Green Papaya's menu offers a similar fare to Vung-Tao.  There are several Bubble Tea options, banh mi sandwiches, pho, other noodle soups, and rice noodle bowls.    There are also other fun drink options like Pennywort Drink, espresso, and ca phe sua da, or espresso coffee with condensed milk.  Two of the people I was eating with ordered the espresso and condensed milk, and it looked like fun.  You get a little metal container with the grounds and then you pass water through to make your own espresso at the table.
I got the Taro bubble tea.  I had sweet potato bubble tea in Korea and thought it was one of best bubble tea flavors I'd found.  I had heard that taro is supposedly the same thing; but, Taro was a little sweeter, almost marshmallow like, than sweet potato.  Even though it wasn't quite what I thought it would be, I still loved it.  The bubbles weren't at all stale and were squishy and chewy like they should be.   

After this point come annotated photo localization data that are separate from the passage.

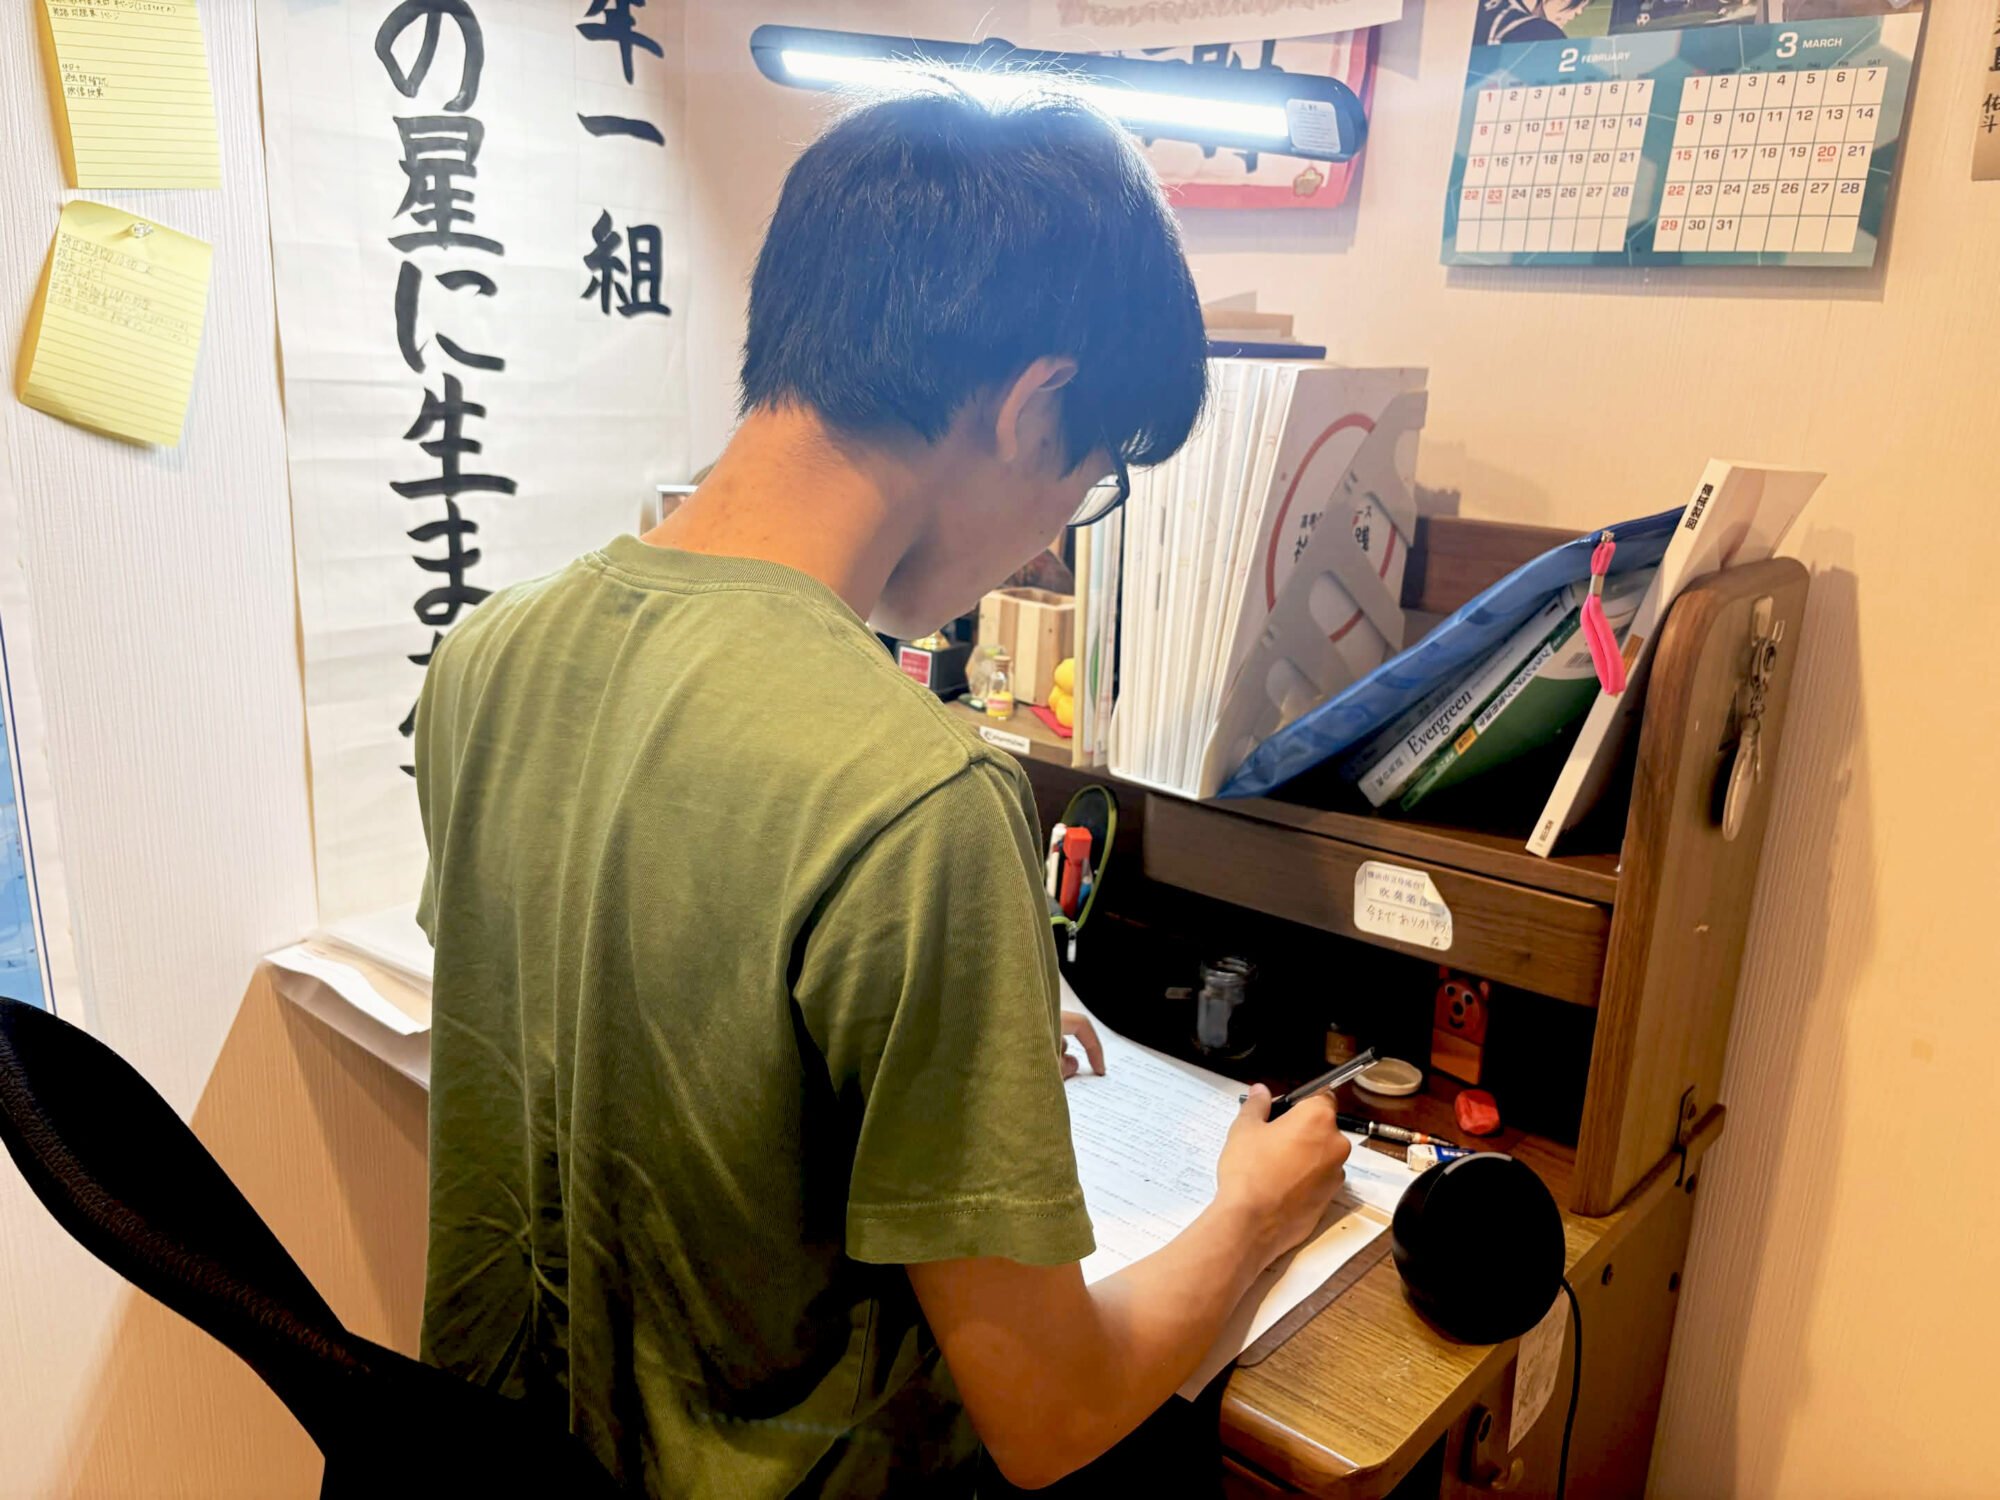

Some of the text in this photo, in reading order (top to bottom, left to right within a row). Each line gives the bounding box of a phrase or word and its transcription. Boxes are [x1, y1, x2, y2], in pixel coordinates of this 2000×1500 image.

[1776, 32, 1843, 57] 3 MARCH
[1558, 48, 1631, 73] 2 FEBRUARY
[1693, 70, 1877, 90] 1 2 3 4 5 6 7
[1486, 83, 1645, 103] 1 2 3 4 5 6 7
[1685, 107, 1874, 126] 8 9 10 11 12 13 14
[1479, 117, 1643, 136] 8 9 10 11 12 13 14
[1471, 152, 1635, 168] 15 16 17 18 19 20 21
[1675, 145, 1866, 161] 15 16 17 18 19 20 21
[1463, 186, 1629, 201] 22 23 24 25 26 27 28
[1667, 182, 1860, 196] 22 23 24 25 26 27 28
[1660, 219, 1733, 231] 29 30 31
[374, 0, 517, 738] の星に生ま
[1406, 689, 1473, 757] Evergreen

For an entree, I should have made it a fair comparison to Vung-Tao by getting Green Papaya's pho. But, I was more in a seafood mood, so I went with the Special Rice Noodles with Crab, Shrimp, and Pork. It was  fantastic.  The broth was the rich, velvety quality you want from good stock, and the crab gave it a faint sweetness.  The meat was tasty, the shrimp really good (although there were only a few), and the crab (although imitation) a great vehicle for soaking up broth.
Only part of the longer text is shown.